Exercise: Your task is to restate every entry below word for word and omit the images.

(Stored items)

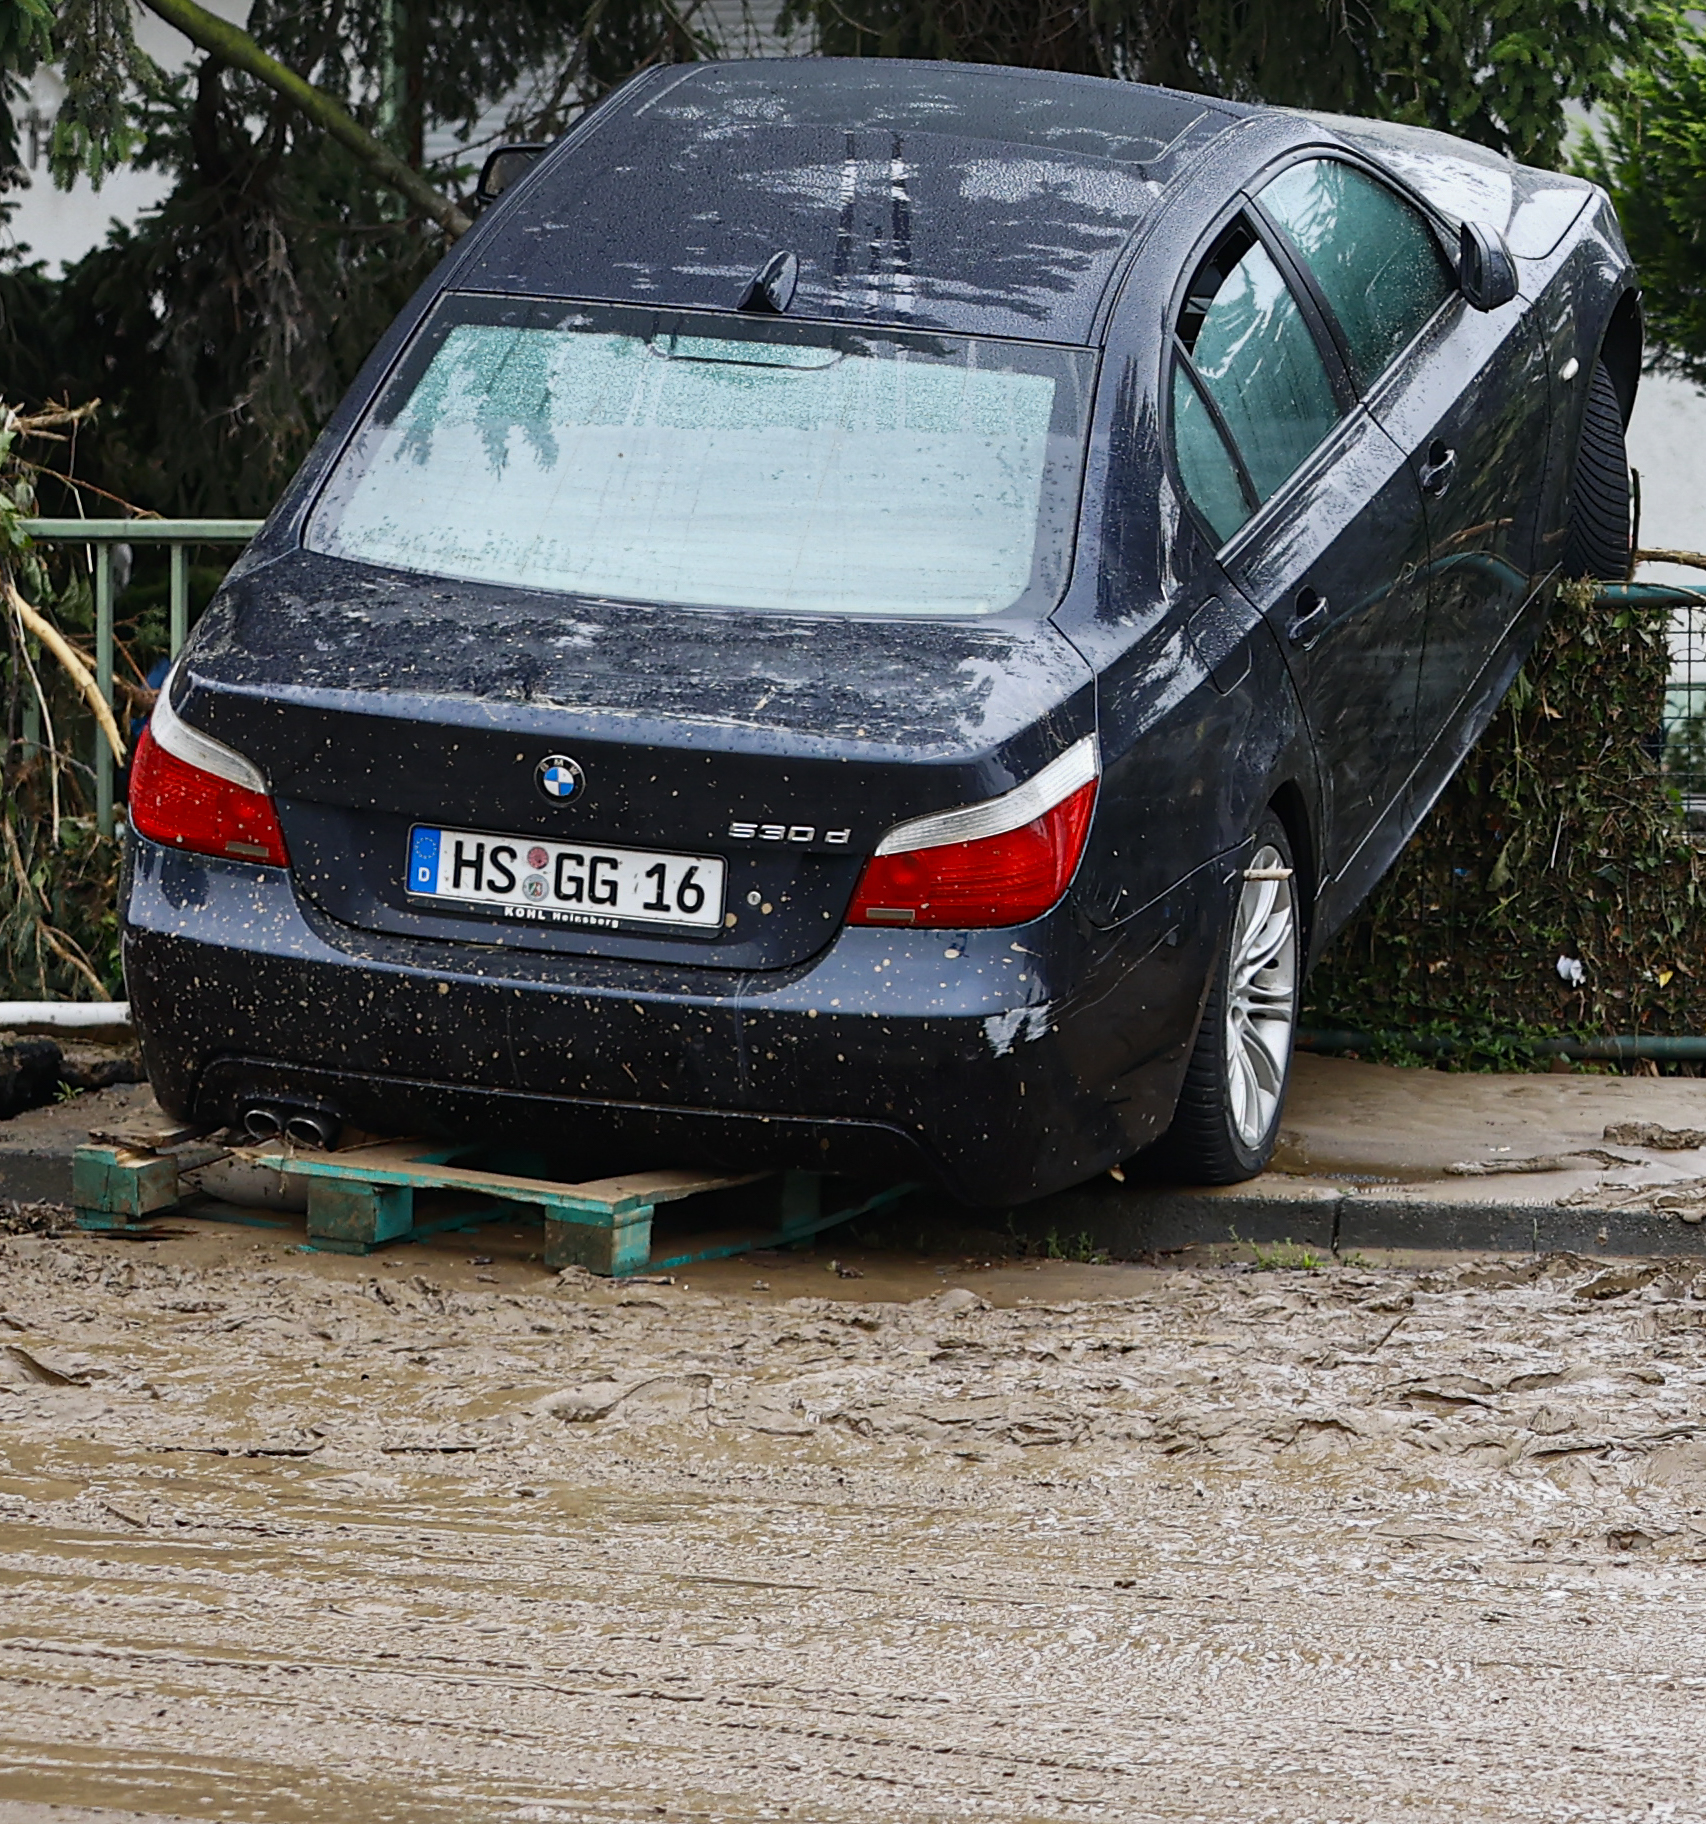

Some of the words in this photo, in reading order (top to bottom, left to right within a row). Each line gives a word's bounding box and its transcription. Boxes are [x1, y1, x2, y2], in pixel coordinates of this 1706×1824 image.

[728, 822, 816, 842] 530
[824, 828, 851, 844] d
[418, 866, 431, 882] D
[452, 840, 518, 894] HS
[554, 852, 619, 907] GG
[643, 862, 706, 914] 16
[503, 906, 546, 921] KOHL
[552, 912, 620, 929] Heinsberg

Answer:
Some of the words in this photo, in reading order (top to bottom, left to right within a row). Each line gives a word's bounding box and its transcription. Boxes are [x1, y1, x2, y2], in pixel coordinates of this 1706×1824 image.

[728, 822, 816, 842] 530
[824, 828, 851, 844] d
[418, 866, 431, 882] D
[452, 840, 518, 894] HS
[554, 852, 619, 907] GG
[643, 862, 706, 914] 16
[503, 906, 546, 921] KOHL
[552, 912, 620, 929] Heinsberg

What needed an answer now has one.